_EXERCISE INSTRUCTIONS_
Using the line with "Some of the words" as your starting point, transcribe it and each line beneath it word for word until the records run out, without pictures.

━━ RECORDS FOR PROCESSING

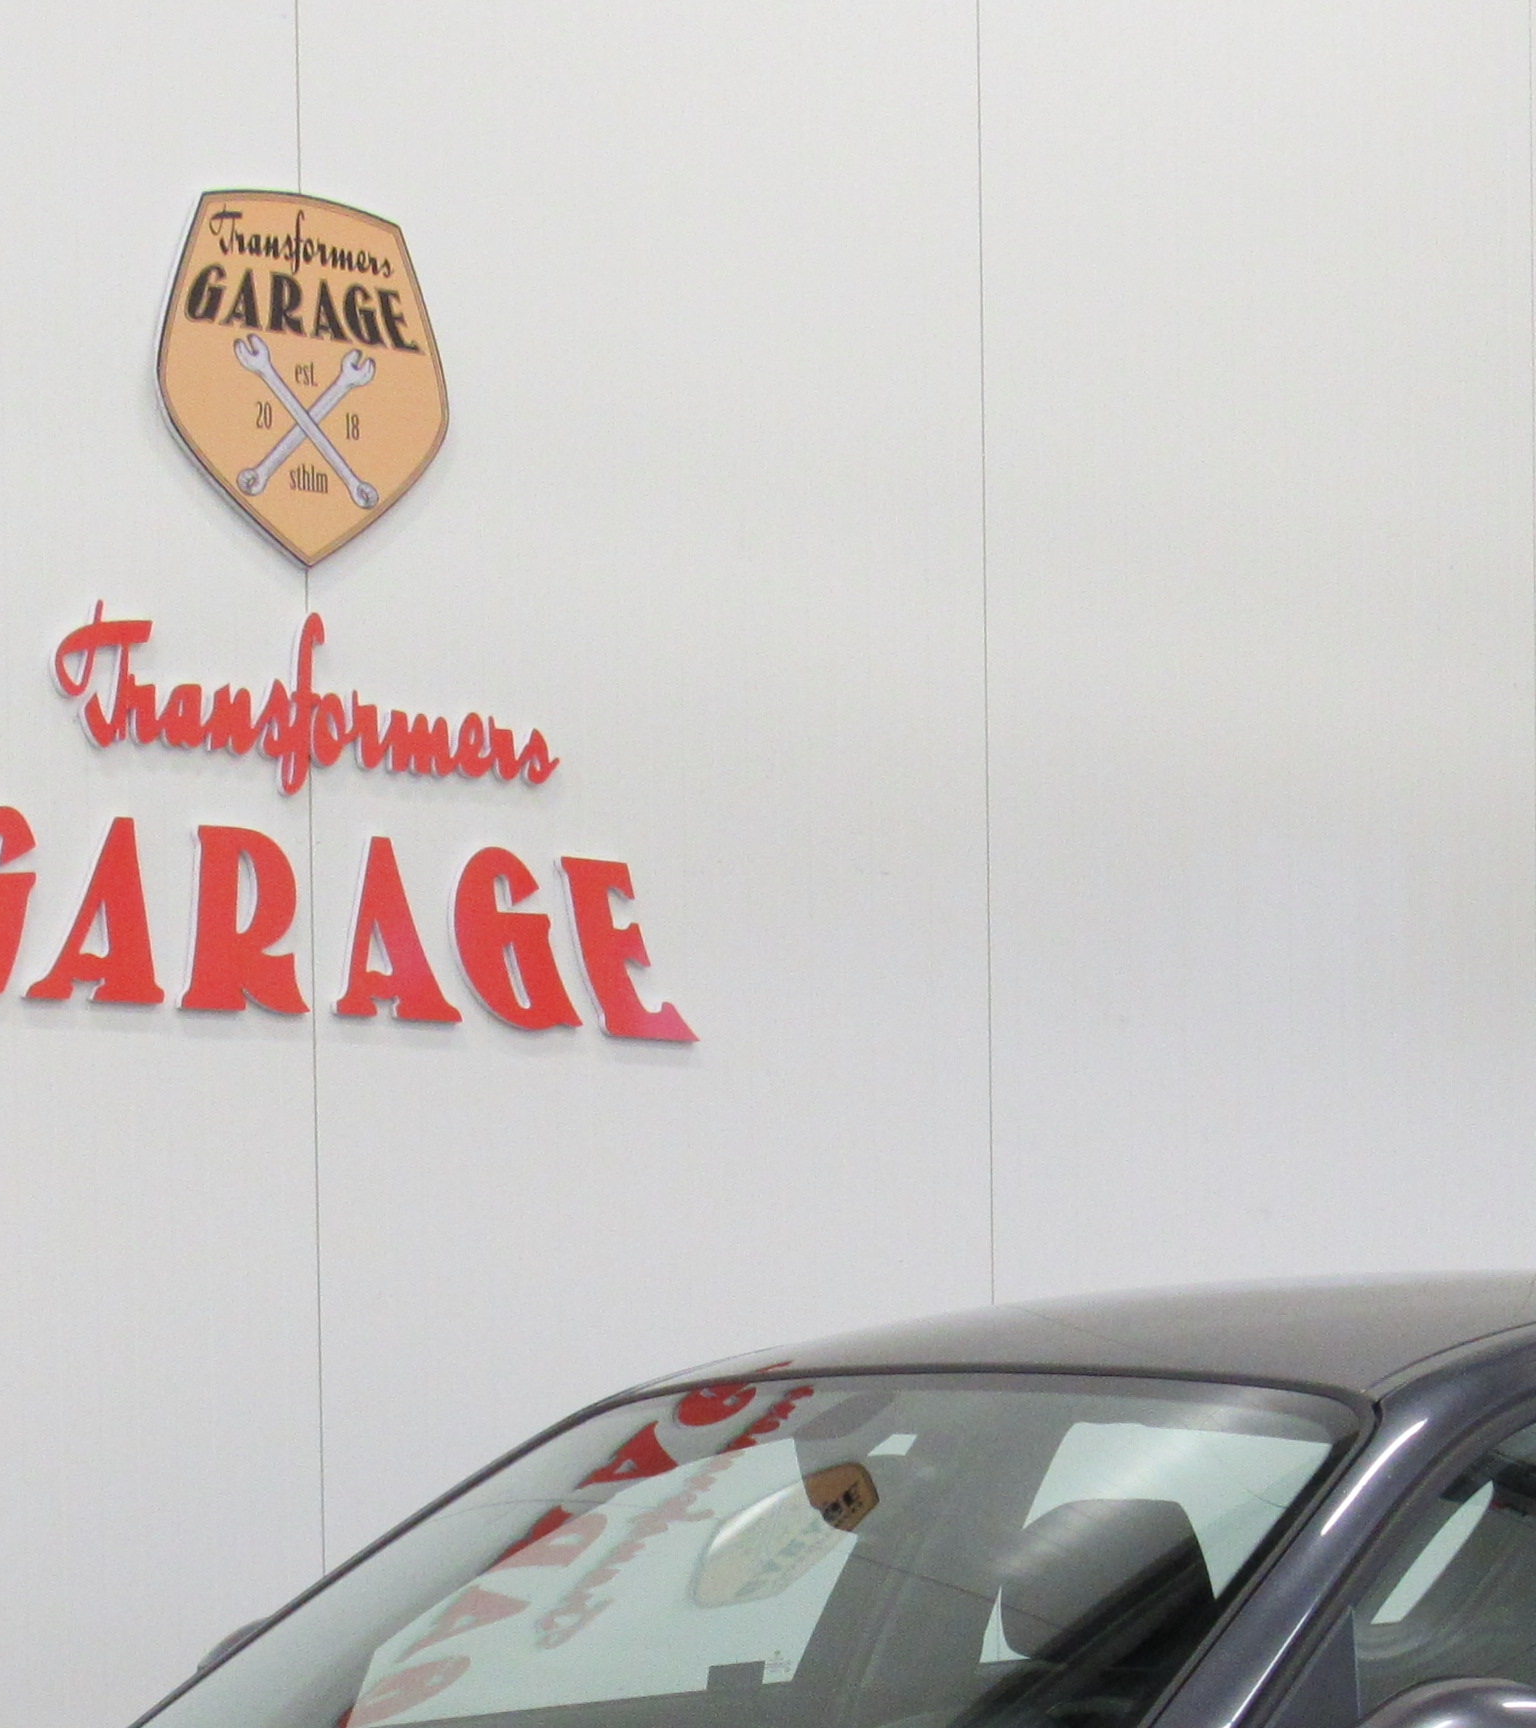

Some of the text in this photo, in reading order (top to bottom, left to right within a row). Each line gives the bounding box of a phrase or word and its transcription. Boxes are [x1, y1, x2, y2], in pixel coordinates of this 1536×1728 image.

[209, 203, 395, 278] Transformers
[184, 262, 426, 356] GARAGE
[294, 360, 318, 387] est.
[255, 400, 361, 441] 20 18
[288, 463, 329, 494] sthlm
[50, 600, 560, 797] Transformers
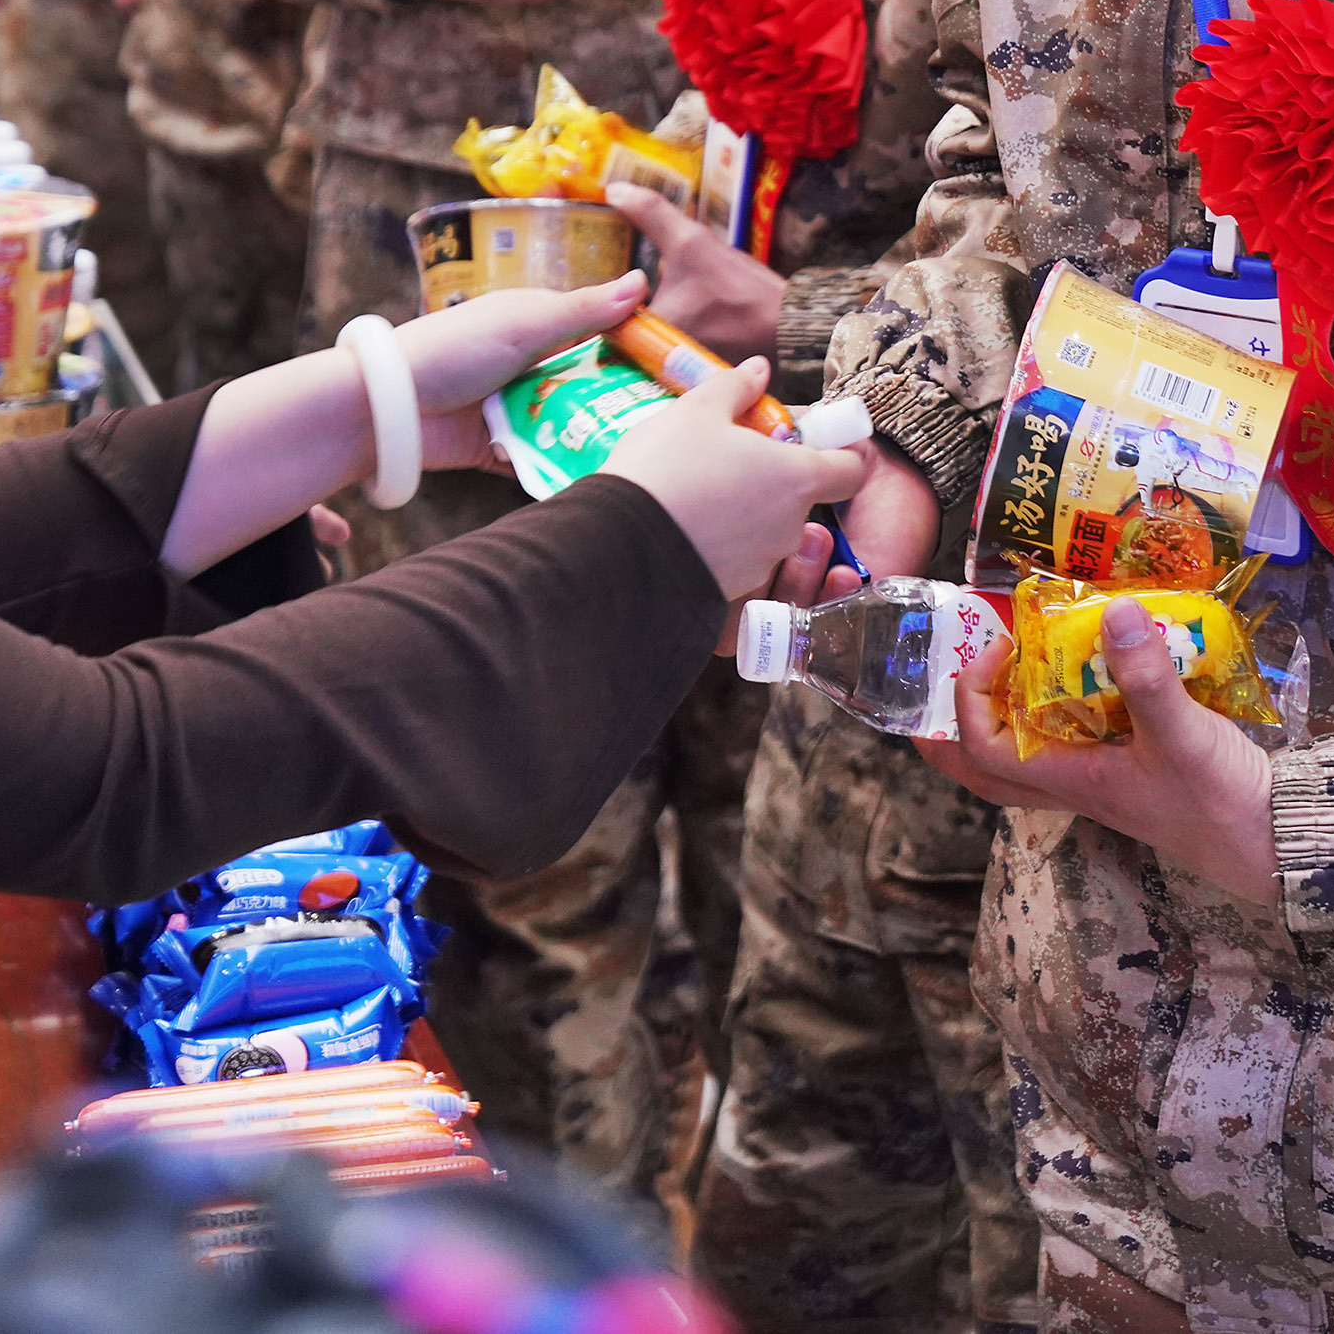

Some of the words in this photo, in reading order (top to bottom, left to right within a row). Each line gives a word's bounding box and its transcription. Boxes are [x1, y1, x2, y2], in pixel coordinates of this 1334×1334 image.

[999, 412, 1069, 535] 汤好喝
[217, 868, 283, 891] OREO
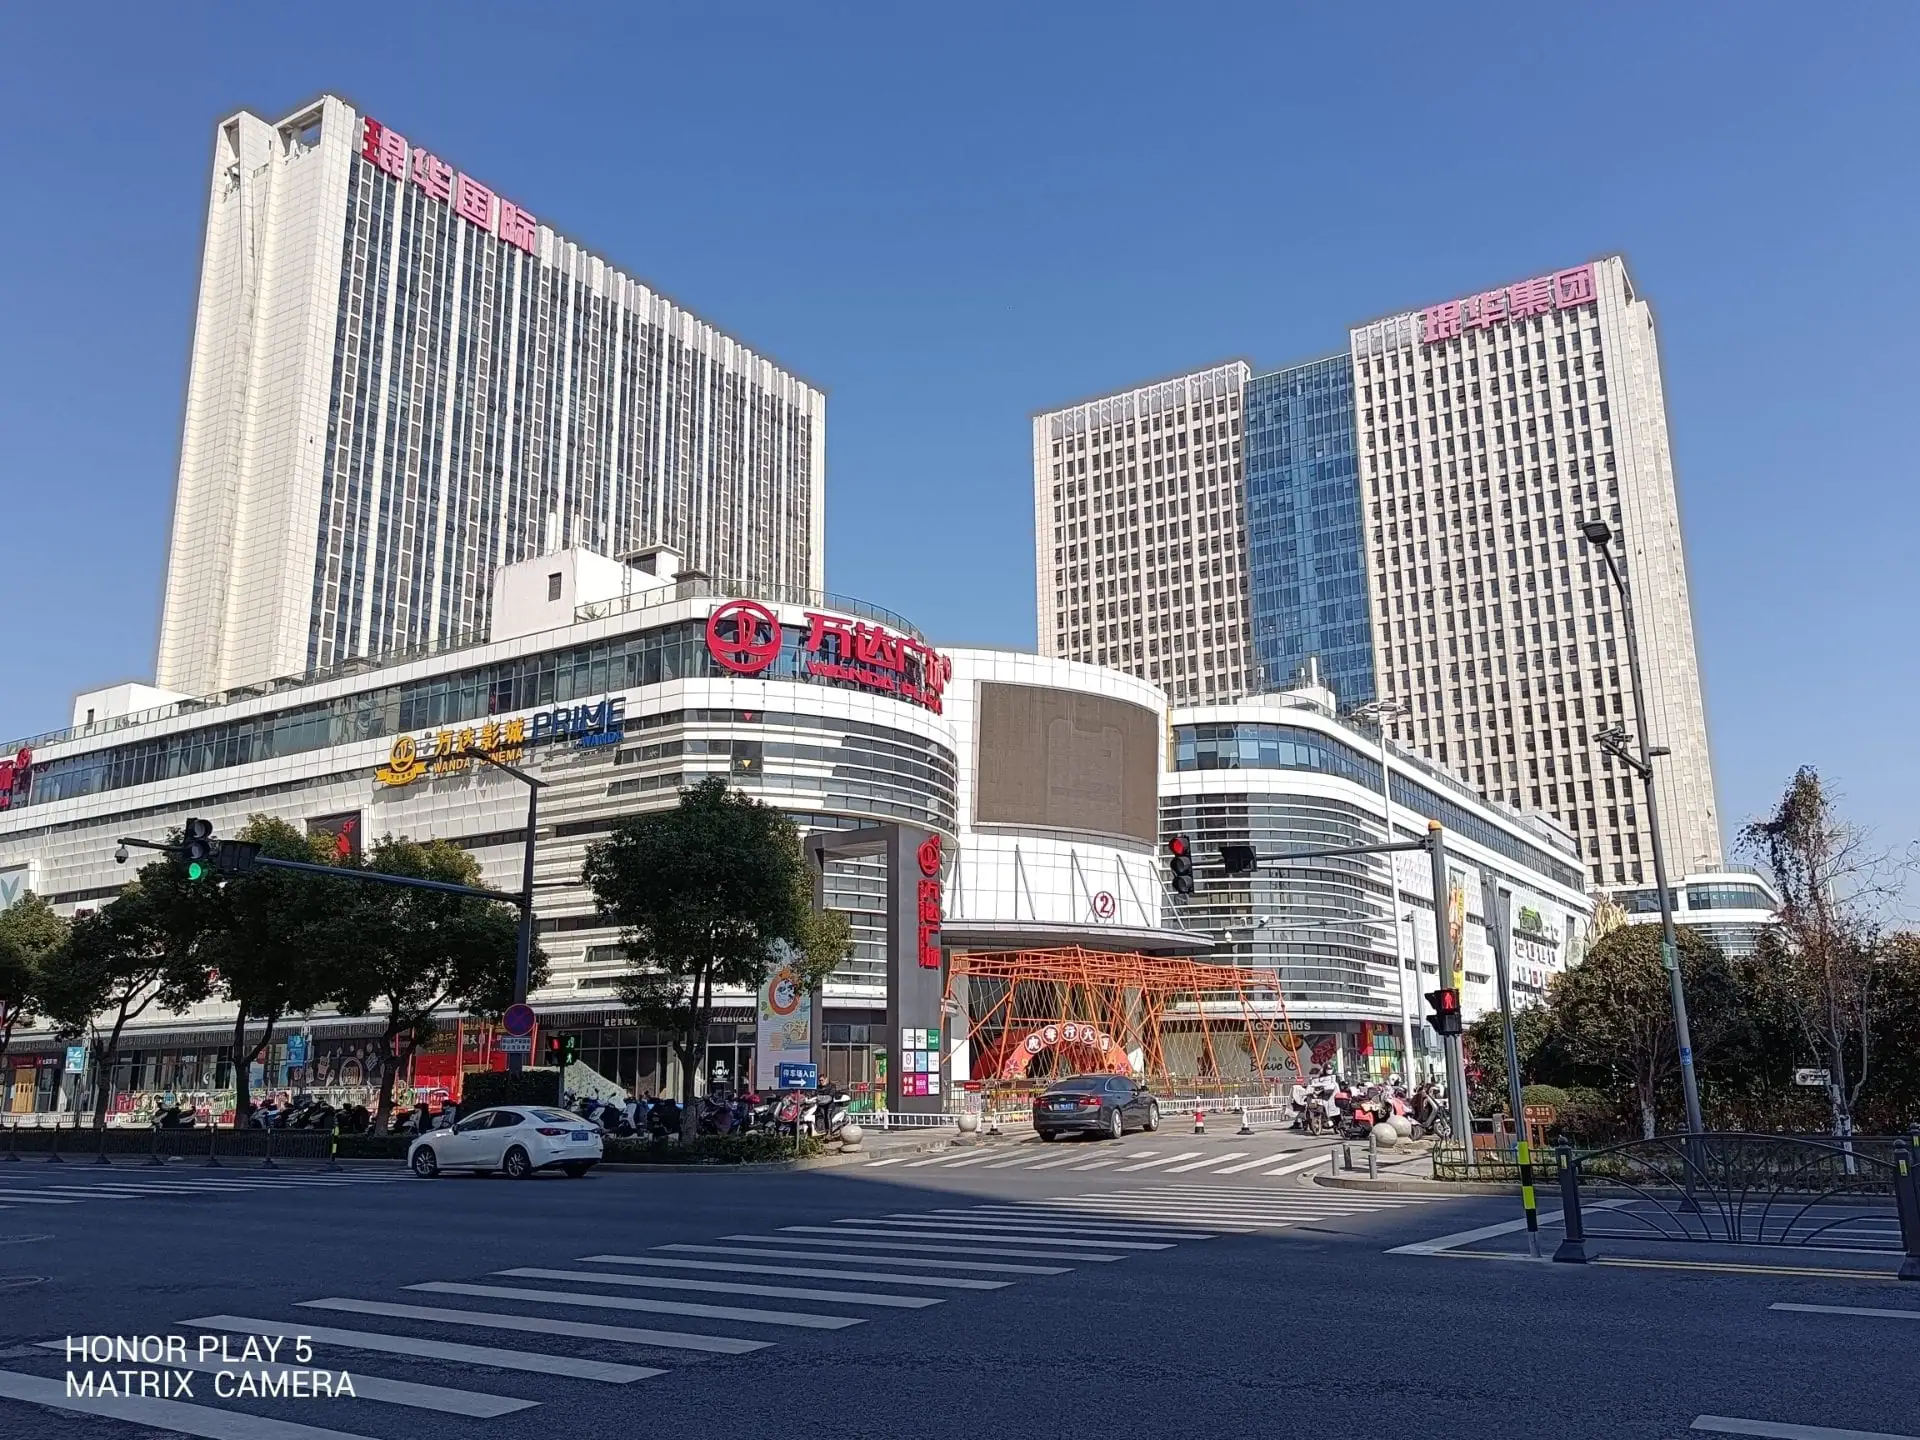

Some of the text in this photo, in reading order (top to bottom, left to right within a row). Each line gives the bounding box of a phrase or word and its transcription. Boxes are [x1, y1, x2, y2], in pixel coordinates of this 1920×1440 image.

━━━━

_YOUR SOLUTION_
Some of the words in this photo, in reading order (top to bottom, left to right within a row). Each line gives a word's bounding box and its transcription. Boxes are [x1, y1, x2, y2], in pixel coordinates of this 1334×1334 image.

[999, 412, 1069, 535] 汤好喝
[217, 868, 283, 891] OREO

Some of the text in this photo, in reading order (top to bottom, left to right within a row). Each line gives the bounding box of a phrase or word and its transcription. Boxes are [x1, y1, x2, y2], in pixel coordinates of this 1920×1440 image.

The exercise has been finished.